We’re only a little over a week away from the May 15 filing deadline for the 2012 Texas franchise tax reports. With that in mind, I wanted to discuss a few areas you may wish to consider while you prepare those reports and extensions.
Guidance on the Texas Franchise Tax From Tax Policy
The Tax Policy Division of the Texas Comptroller has published an article titled “Hot Topics for the 2012 [franchise tax] Filing” in the April edition of “Tax Policy News”. Among other tidbits, Tax Policy reminds us that inflation has caused a couple of the tax thresholds to increase. Now the small business exemption is $1,030,000 of revenue instead of $1 million, and the per-individual limit on the compensation deduction is now $330,000. The article also includes several tips and reporting-requirement reminders for those entities eligible to take the “temporary credit”–that’s the credit available to corporations and LLCs that had a loss carryforward under the “old” (pre-margin) franchise tax. If your report includes the temporary credit, you should take a look.

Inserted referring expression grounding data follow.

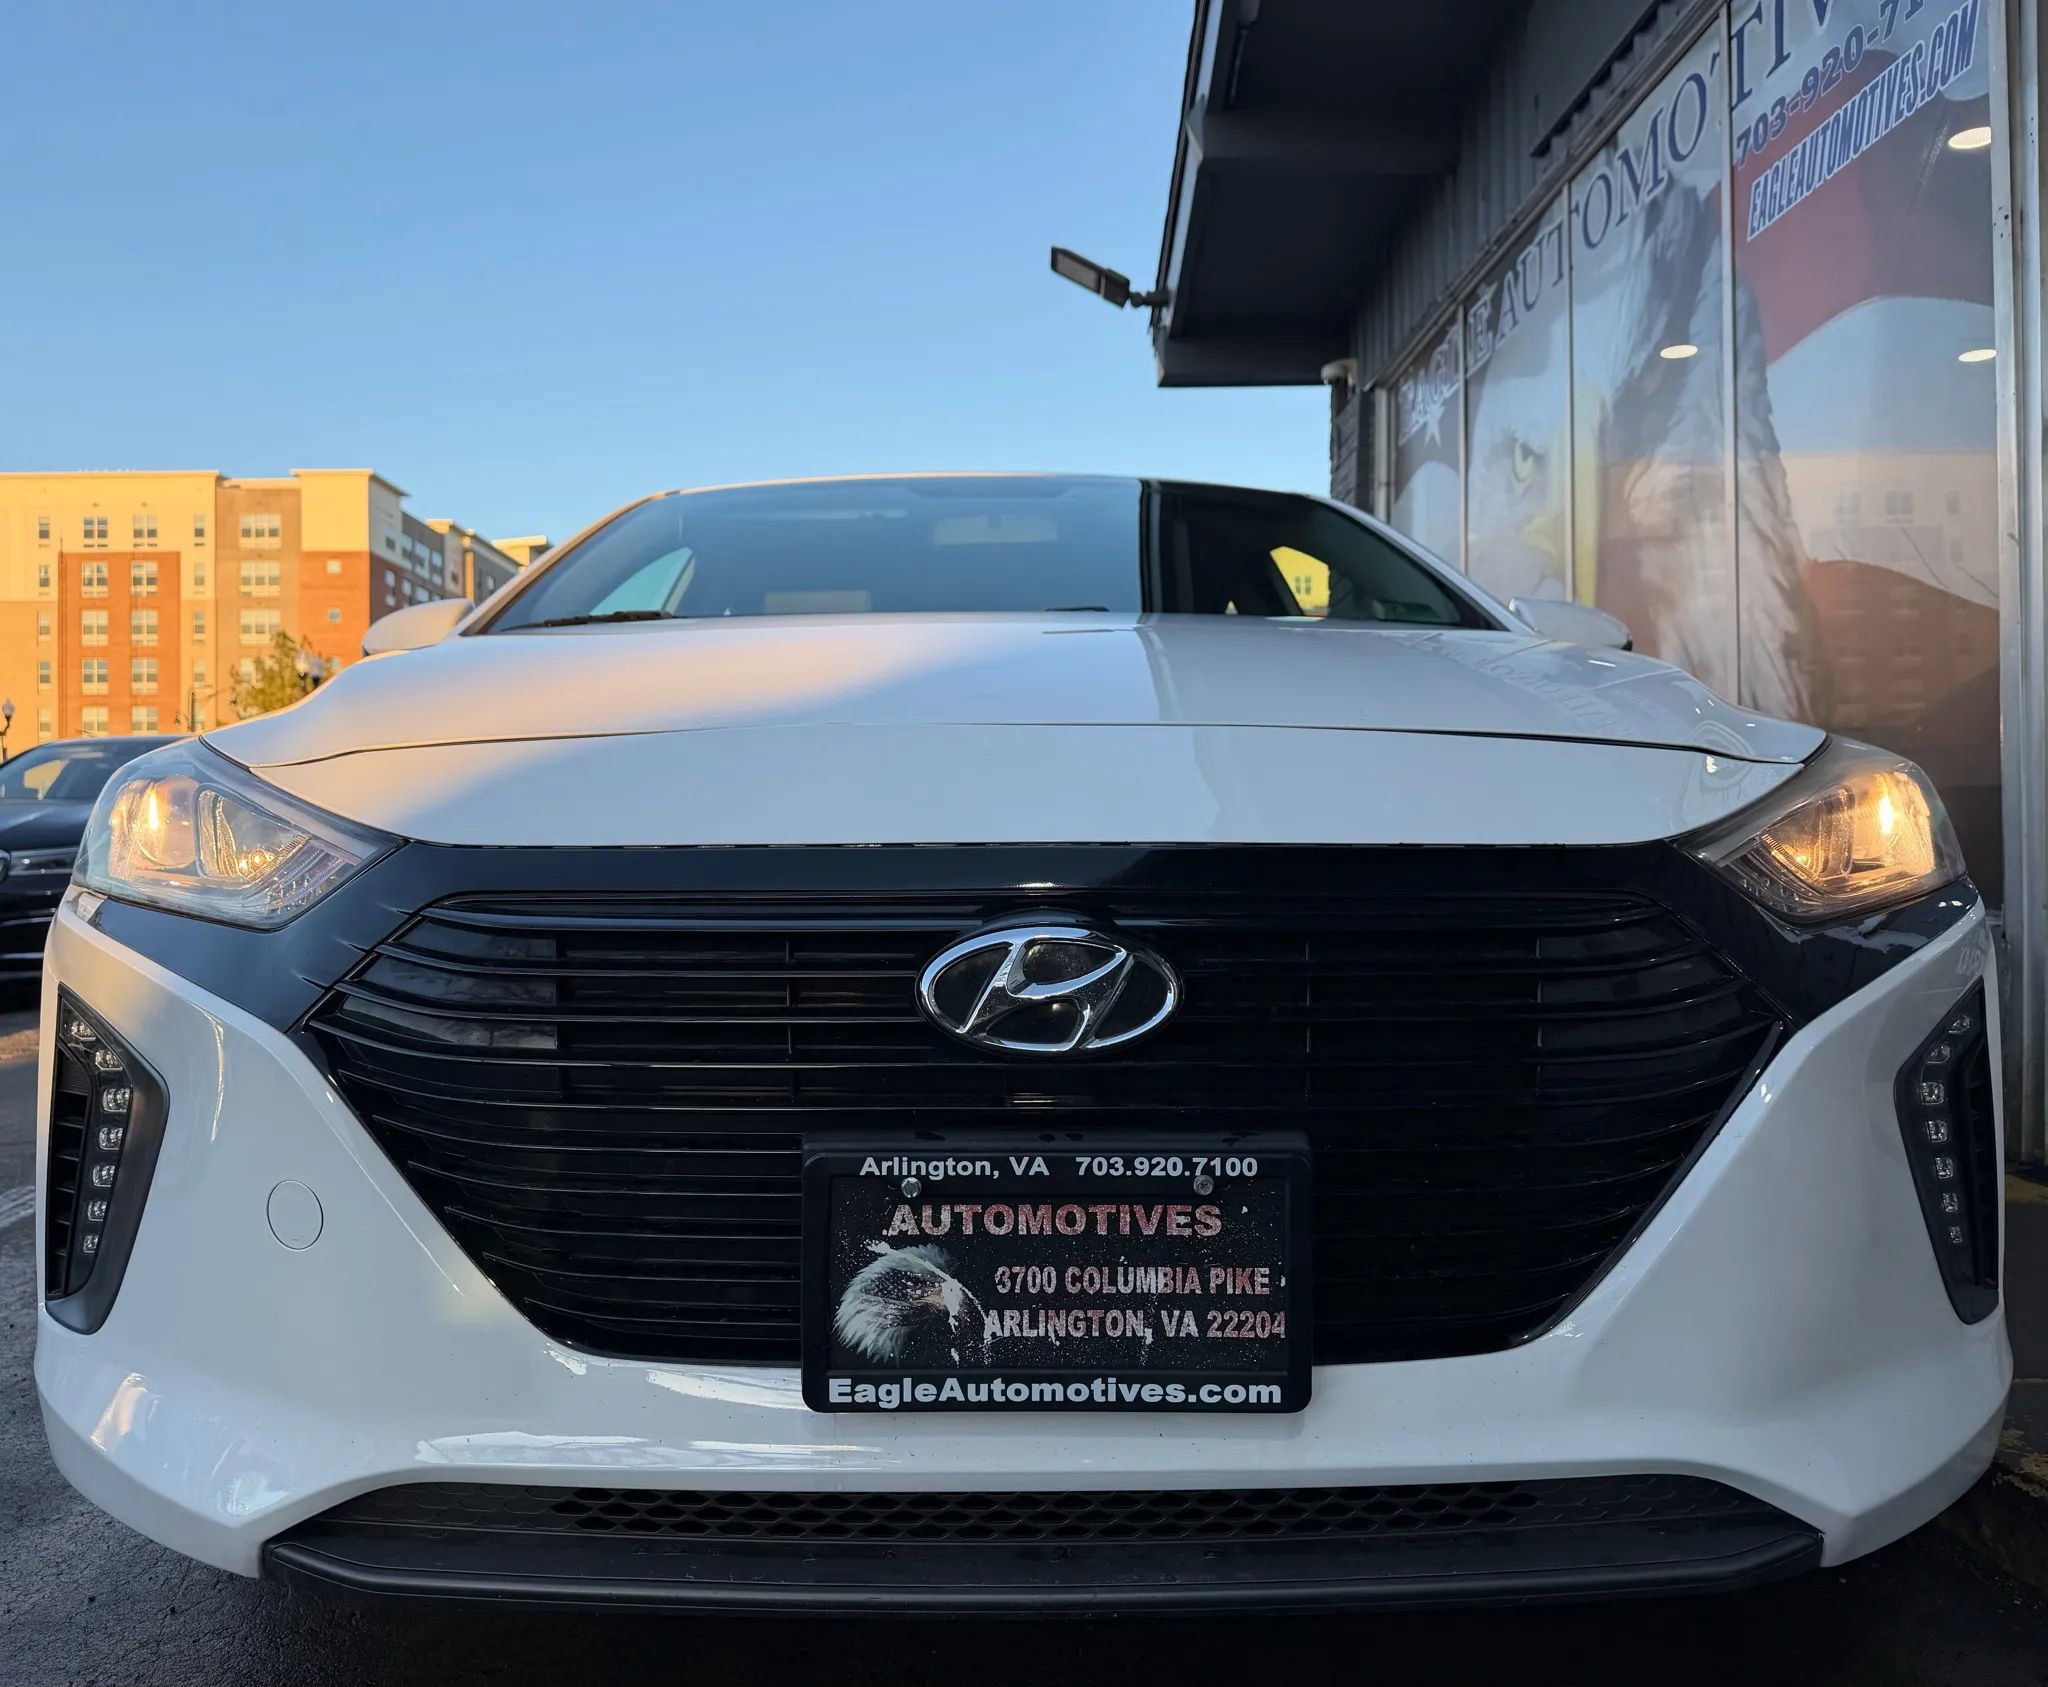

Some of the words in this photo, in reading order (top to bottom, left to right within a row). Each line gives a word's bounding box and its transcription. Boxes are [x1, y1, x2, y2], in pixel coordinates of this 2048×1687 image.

[1747, 0, 1981, 241] EAGLEAUTOMOTIVES.COM
[859, 1156, 1000, 1180] Arlington,
[1008, 1156, 1050, 1176] VA
[1075, 1156, 1258, 1177] 703.920.7100
[887, 1203, 1223, 1237] AUTOMOTIVES
[1065, 1266, 1202, 1294] COLUMBIA
[1210, 1267, 1270, 1295] PIKE
[1160, 1309, 1200, 1338] VA
[1206, 1310, 1286, 1339] 22204
[828, 1377, 1282, 1410] EagleAutomotives.com

Another “Tax Policy News” article that you may wish to review is one from March 2012. It reminds report preparers that the IRS changed several of its tax forms late in 2011, which means franchise-tax preparers must use a different set of line numbers in 2012 compared to 2011. The online version of the the 2012 instructions includes the correct IRS line numbers, but the Comptroller warns that incorrect “hard copy” versions of the instructions may exist; be careful that you are using the correct instructions. This FAQ lists the cumulative changes in IRS form line numbers.

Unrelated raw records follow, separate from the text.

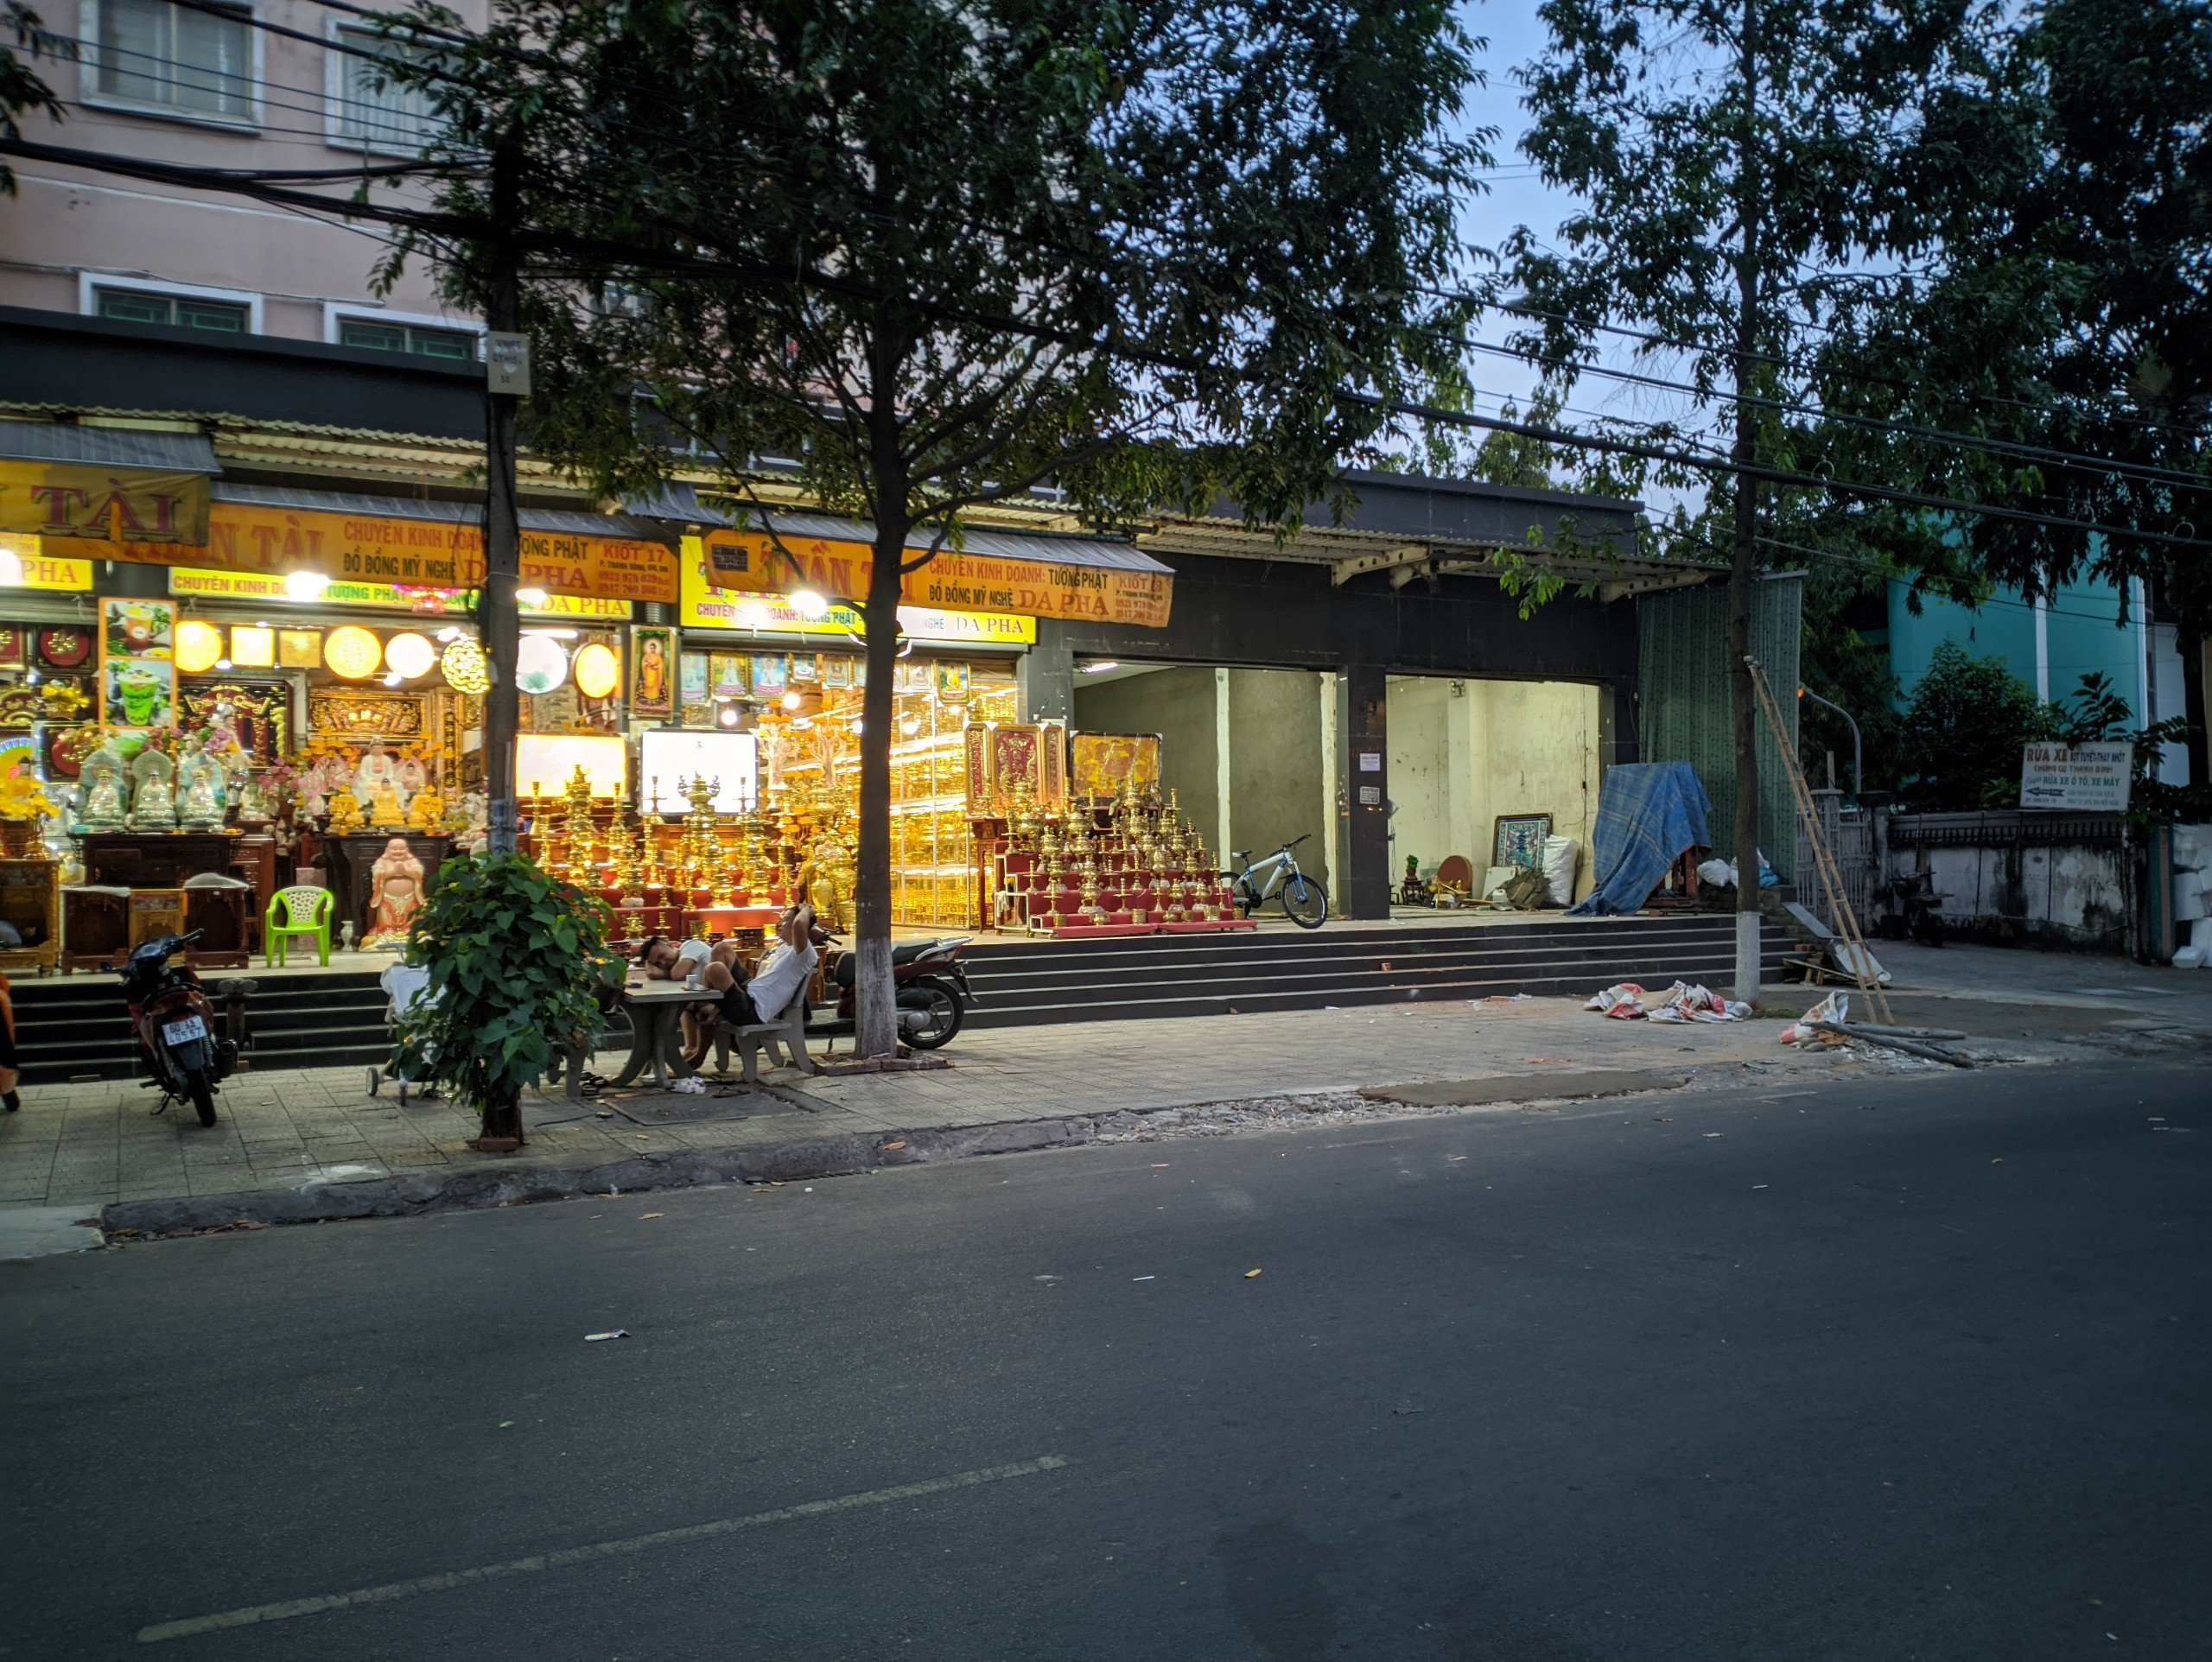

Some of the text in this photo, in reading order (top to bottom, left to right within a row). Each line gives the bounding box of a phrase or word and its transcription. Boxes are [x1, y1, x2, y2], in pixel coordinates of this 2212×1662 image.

[30, 478, 179, 534] TÀI
[250, 514, 324, 569] TÀI
[345, 521, 588, 562] CHUYÊN KINH DOAN ỢNG PHẬT
[344, 545, 589, 589] ĐỒ ĐỒNG MỸ NGHỆ D PHA
[647, 549, 665, 561] 17
[20, 560, 78, 583] PHA
[174, 575, 230, 591] CHUYÊN
[234, 580, 267, 594] KINH
[929, 556, 1109, 593] CHUYÊN KINH DOANH: TƯỢNG PHẬT
[580, 598, 626, 615] PHA
[929, 578, 942, 602] ĐỒ
[945, 580, 970, 604] ĐỒNG
[973, 586, 987, 606] MỸ
[989, 587, 1014, 610] NGHỆ
[1019, 589, 1053, 611] DA
[1059, 593, 1109, 615] PHA
[766, 608, 798, 621] OANH:
[957, 618, 980, 631] DA
[987, 618, 1024, 634] PHA
[2054, 748, 2068, 762] XE
[2060, 777, 2069, 785] XE
[2091, 777, 2101, 786] XE

The SIC Code: A Big Texas Franchise Tax Audit Flag
I’d also like to discuss a particular audit flag that the Comptroller has been using. For at least the past couple of years, the Comptroller’s auditors have focused a lot of attention on the SIC code (and the NAICS code) used on Texas franchise tax reports. The Audit Division uses these number for two reasons:
- First, if the entity uses the lower .5% rate, the Comptroller will likely flag the report for audit if the SIC number isn’t in the 5000s. This is because generally only wholesalers and retailers are allowed to take the .5% rate, and the codes in the 5000s describe wholesalers and retailers.
- Second, if the entity takes the cost of good sold deduction, the Audit Division often examines the SIC and NAICS codes to determine if the entity is in a type of business that would normally qualify for the cost of good sold deduction (generally, wholesale, retail, agricultural, and manufacturing entities).

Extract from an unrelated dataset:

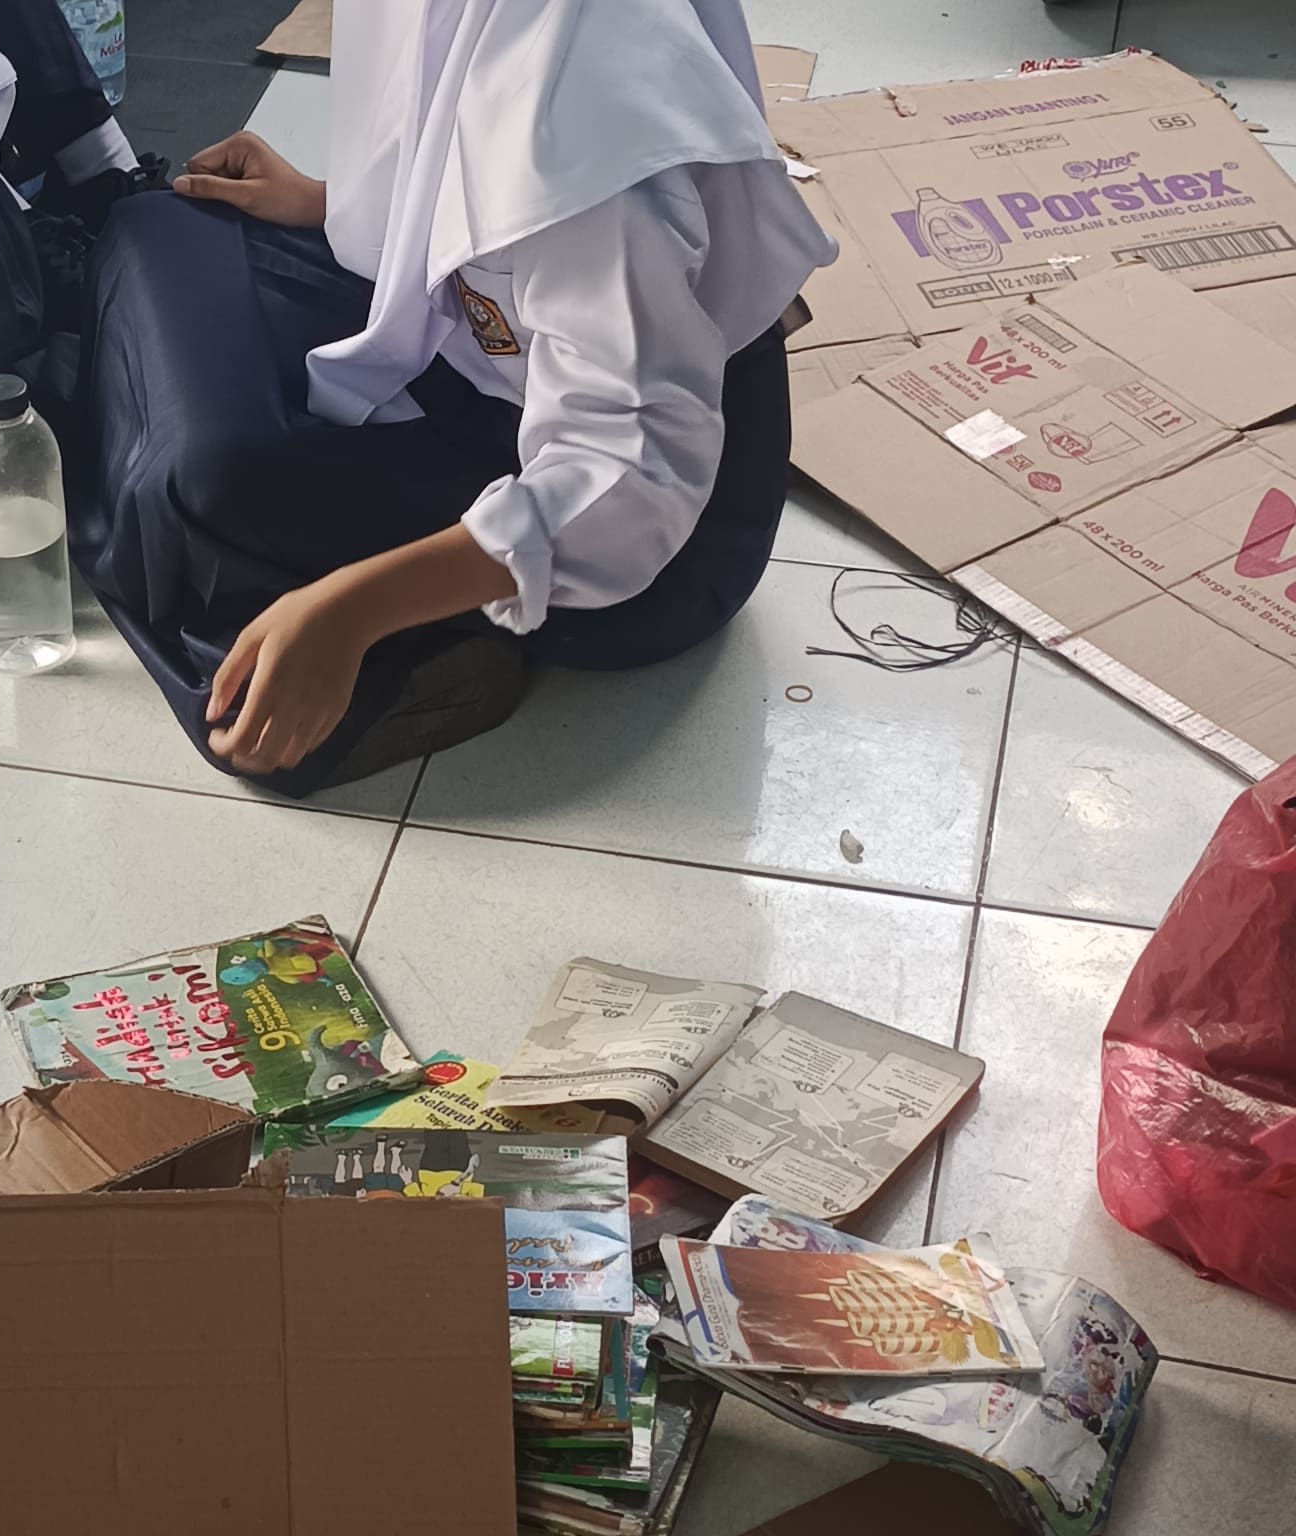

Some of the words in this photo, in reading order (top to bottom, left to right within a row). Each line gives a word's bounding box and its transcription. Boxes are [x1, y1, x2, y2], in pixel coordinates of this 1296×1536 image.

If you’re preparing a report that has an SIC code that could cause a problem, you may want to consider whether another SIC code more accurately describes the business. However, it’s also important to remember that the SIC code included on the report should not control either eligibility for the .5% rate or the COGS deduction.
For example, lets take a group of veterinarians operating as an LLC. The LLC’s business is clearly described by Industry Group 074 (“Veterinary Services”); this is a service category, not a wholesale or retail category. However, let’s assume that the entity also sells a large amount of animal feed and medicine–so much, in fact, that over 50% of its revenue is from the sale of goods, and the cost of these goods exceeds the amount of compensation earned by the vets and their employees.
Even though this entity is best described by a service SIC code, the entity also should still qualify for both the .5% rate and the deduction of cost of goods sold. Nevertheless, the entity may wish to use SIC Code 5191 (“Farm Supplies”) to avoid the audit flag.
However, even if the entity includes the veterinary service code on the report, it still qualifies for the lower rate and cost of goods sold deduction. The entity should be prepared to demonstrate its special circumstances to the Comptroller when the auditors come knocking. I’ve heard rumors that Comptroller auditors have been telling taxpayers that the SIC code used on the report “controls,” and cannot be changed. I’m unaware of any rule or statute that supports this position, so a taxpayer faced with such an argument should strongly consider either an administrative or court challenge.